November 01, 2021
Selective Feeding in Rats, Mice, Hamsters, and Gerbils
by Dr. Cayla Iske, PhD
From our series on muesli and foraging mixes, you’ve learned a lot about selective feeding and its nutritional consequences in small mammals. While mixes are unfortunately prevalent in the small herbivore (rabbits, guinea pigs, chinchillas, etc.) world, they are even more predominant in the small omnivore (rats, mice, hamsters, gerbils) realm. This is because many pet parents believe the most appropriate diet for hamsters, gerbils, mice, and rats is a mix as they think it mimics the animal’s natural diet.
Though small omnivores notably consume a wide variety of dietary items including plants, animals, and even insects, the same nutritional inadequacies highlighted for herbivores hold true for omnivores when they are solely fed seed or muesli mix type diets. The uniform pelleted (or possibly extruded) pieces in the mix are most often the only balanced sources of essential vitamins and minerals and most often the pieces left uneaten. This will very likely lead to nutritional deficiencies for omnivores and herbivores alike.

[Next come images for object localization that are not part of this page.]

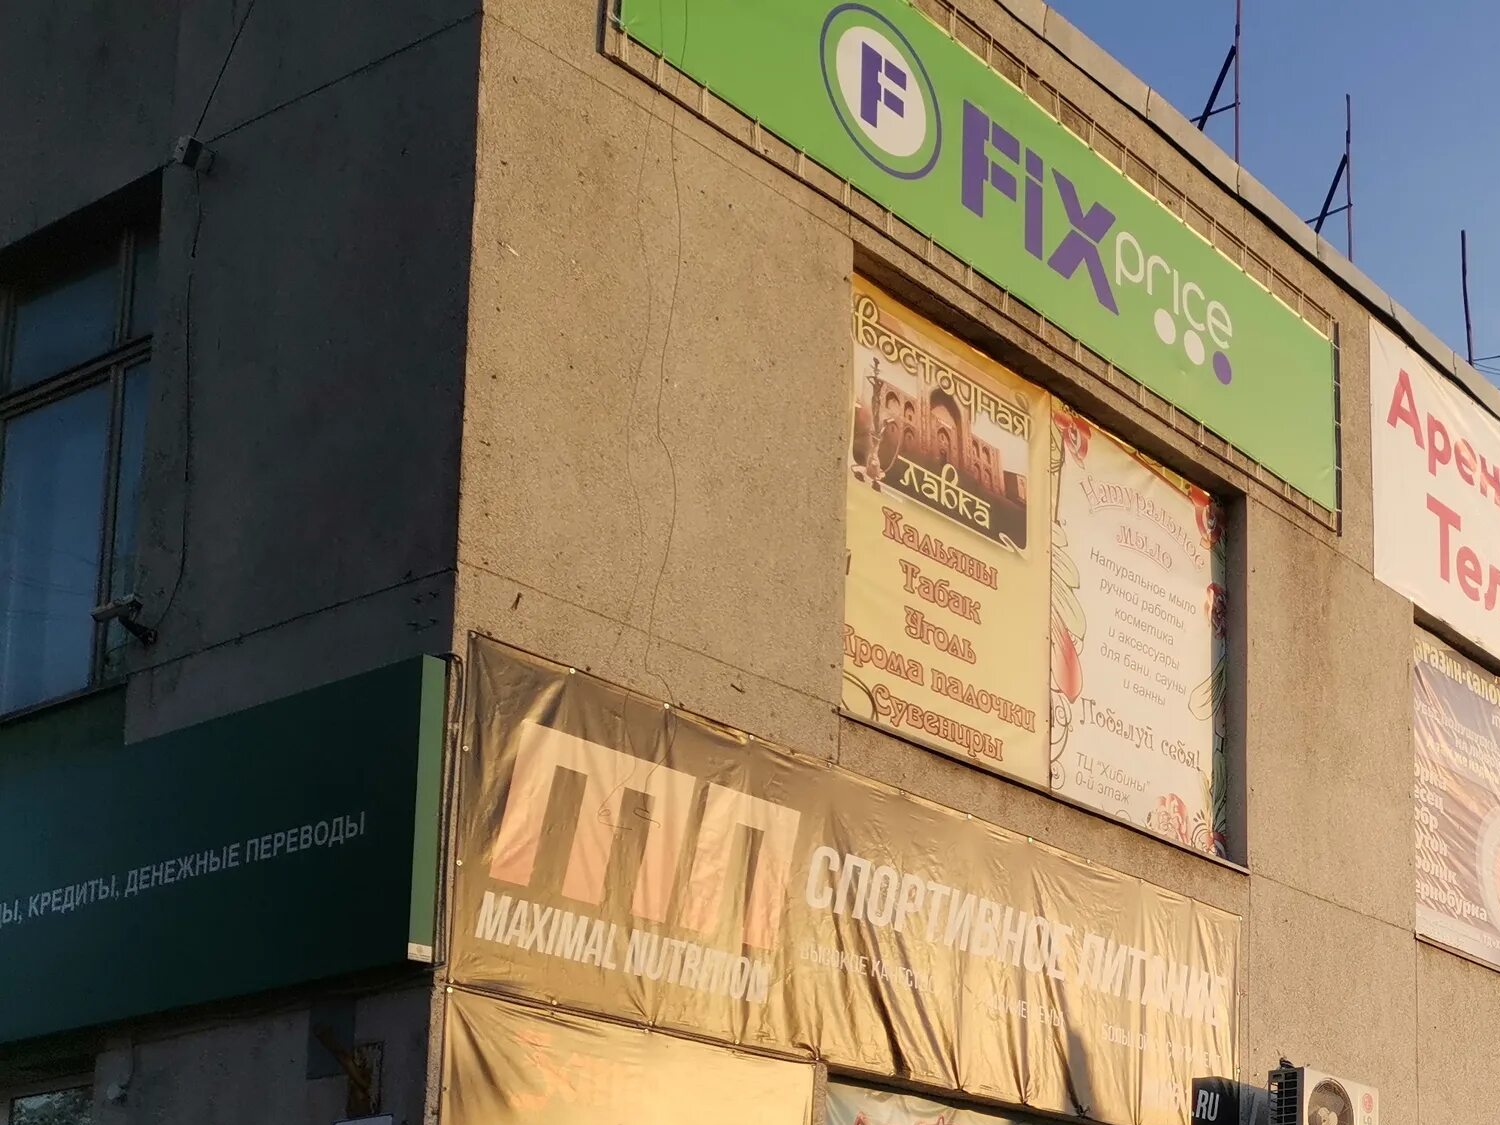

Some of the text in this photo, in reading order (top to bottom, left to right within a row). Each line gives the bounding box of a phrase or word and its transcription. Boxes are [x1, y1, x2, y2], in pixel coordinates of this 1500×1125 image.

[860, 42, 907, 127] F
[881, 506, 998, 590] Кальяны
[1090, 546, 1197, 616] Натуральное мыло
[899, 559, 982, 625] Табак
[1100, 578, 1139, 606] ручной
[904, 605, 976, 664] Уголь
[1108, 626, 1180, 671] и аксессуары
[1115, 607, 1174, 645] косметика
[931, 667, 1036, 733] палочки
[1100, 642, 1121, 663] для
[1155, 672, 1187, 696] сауны
[1123, 678, 1166, 706] и ванны
[871, 683, 1004, 762] Сувениры
[1080, 697, 1201, 772] Побалуй себя!
[1076, 752, 1095, 773] ТЦ
[1098, 781, 1131, 803] этаж
[28, 874, 119, 921] КРЕДИТЫ,
[124, 842, 240, 898] ДЕНЕЖНЫЕ
[245, 811, 366, 866] ПЕРЕВОДЫ
[475, 890, 772, 1002] MAXIMAL NUTRITION
[806, 845, 1073, 981] СПОРТИВНОЕ
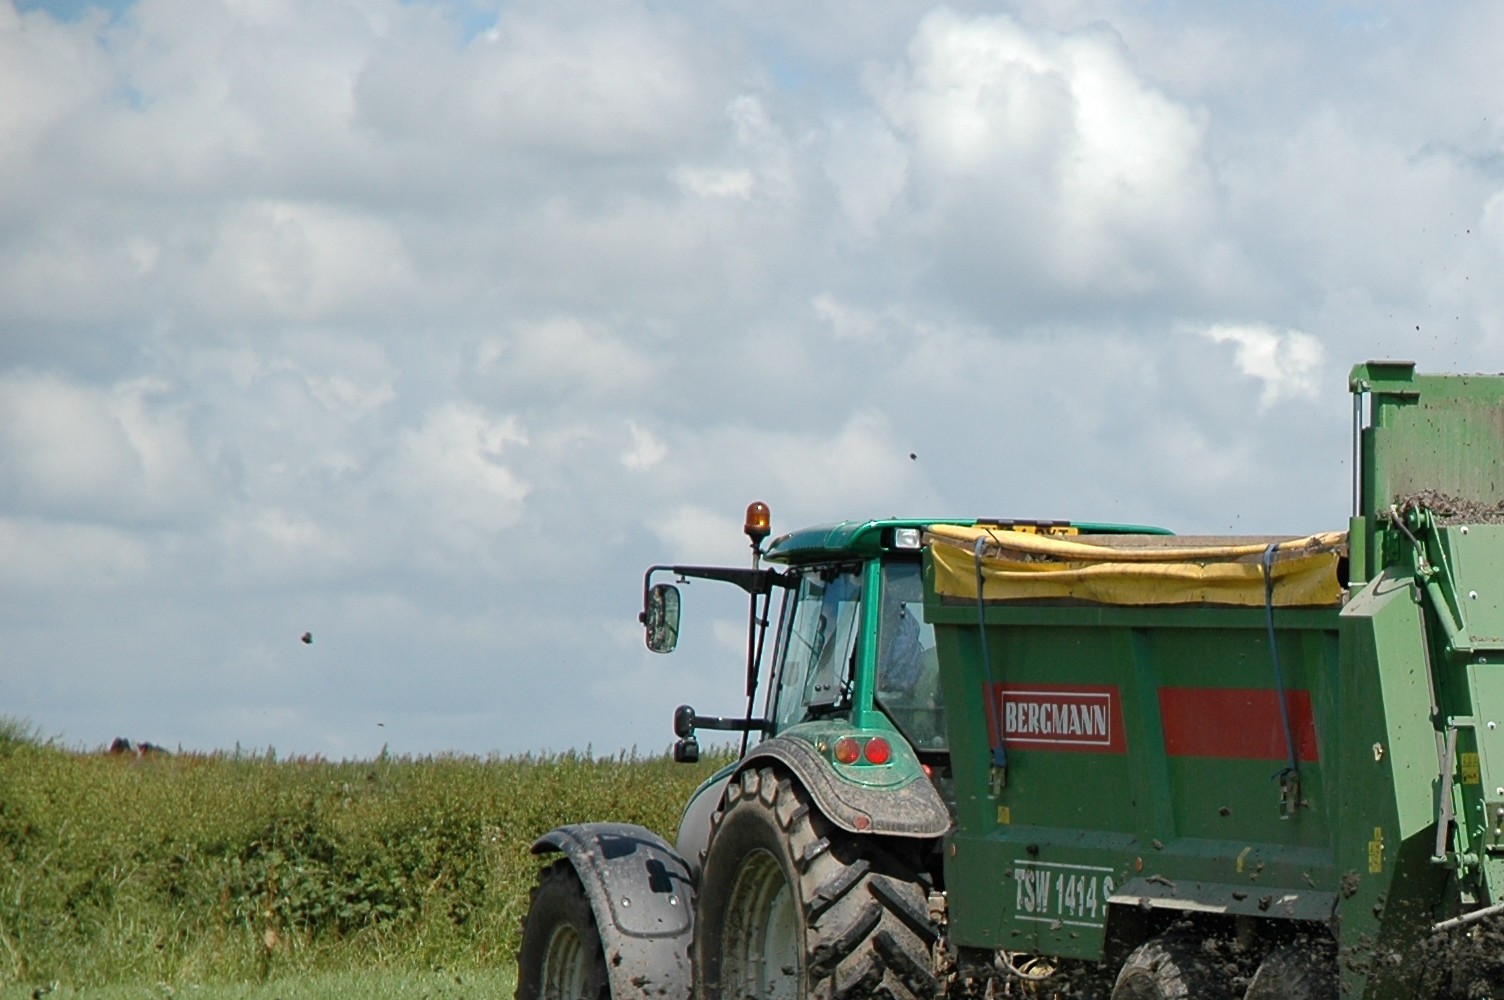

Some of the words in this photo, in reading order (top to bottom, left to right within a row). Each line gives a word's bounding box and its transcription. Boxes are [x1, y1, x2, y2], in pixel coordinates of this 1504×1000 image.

[1005, 701, 1106, 736] BERGMANN
[1014, 868, 1051, 913] TSW
[1056, 873, 1097, 918] 1414

Nutritional Differences for Omnivores
The chunks of fruits, veggies, whole seeds, nuts, and other ingredients in a mix are not always inherently bad for small omnivores. These species have specific nutritional needs and while they do not require the same amounts and types of dietary fiber compared to small herbivores, they do need specific amounts of protein, fat, and other micronutrients. Mixes do not ensure proper balanced intake of these nutrients.
The Problem with Portion Control
Another major issue with small omnivores and mixed foods is portion control. This diversity of pieces in a mix are all potentially appropriate supplemental food items as part of the overall diet profile when offered in appropriate amounts. This is the key, appropriate amounts. As a pet parent, you must be able to control the amounts of supplemental produce, grains, proteins, and fats in your little one’s diet to avoid obesity, gastrointestinal issues, and other diseases such as diabetes.
Too Much of a Good Thing
Research shows that 70% of small pet parents will refill their pet’s food bowl even though there is uneaten food left in it. This means when small omnivores select for the fruits and nuts and seeds in a mix, the majority of pet parents are likely to replenish the bowl with another round of fruits and nuts and seeds before their pets have the opportunity to consume the nutritionally balanced portion of the food (i.e. uniform pellets).
A Better Approach to Omnivore Nutrition
When we refill our pet’s food bowl on the fly, we lose any ability to control individual components of their diet, as well as overall intake. The better option both nutritionally and to stimulate foraging behaviors is to offer a nutritionally uniform food as the base of the diet coupled with appropriate amounts and varieties of additional fresh fruits, veggies, greens, grains, seeds, and even an occasional insect (cricket, mealworm, Dubia roach, etc.). This more controlled approach to your omnivore’s nutrition will decrease the likelihood of many issues associated with premixed diets.
You can reference the table below for options and suggested feeding amounts of these supplemental foods, though you should always consult your veterinarian when adjusting your pet’s diet.
Variety and Enrichment
The issues with muesli/seed-based mixes extend beyond nutrition. Though the bag of muesli mix may claim it stimulates foraging, this has yet to be proven and the “variety” of ingredients is inadequate for proper enrichment. Offering the same mix with the same components every day is not diverse nor enriching.
Offering a variety of foods provides nutritional as well as physical and mental enrichment, so it’s important and immensely beneficial to offer your omnivore a rotating variety of supplemental foods in the table above. Offering all diet items in diverse ways is also the best way to keep your animal interested in mealtime, active, and engaged.
Many toys and accessories on the market make offering your small omnivore enrichment easier and safer.
The Bottom Line
While muesli/seed-based mixes look like they are the most appropriate for your small omnivore, they can lead to nutritional inadequacies and offer pet parents no control over what their pet consumes. The thought that mixes offer your pet variety on their own is misleading and, at the end of the day, simply false. The best way to feed your hamster, gerbil, rat, or mouse is with a food that is nutritionally consistent supplemented with measured amounts of other food items such as grains, seeds, nuts, proteins, and produce. Providing enrichment and stimulating foraging is also paramount and can be easily included in your pet’s daily routine with appropriate enrichment items on the market today.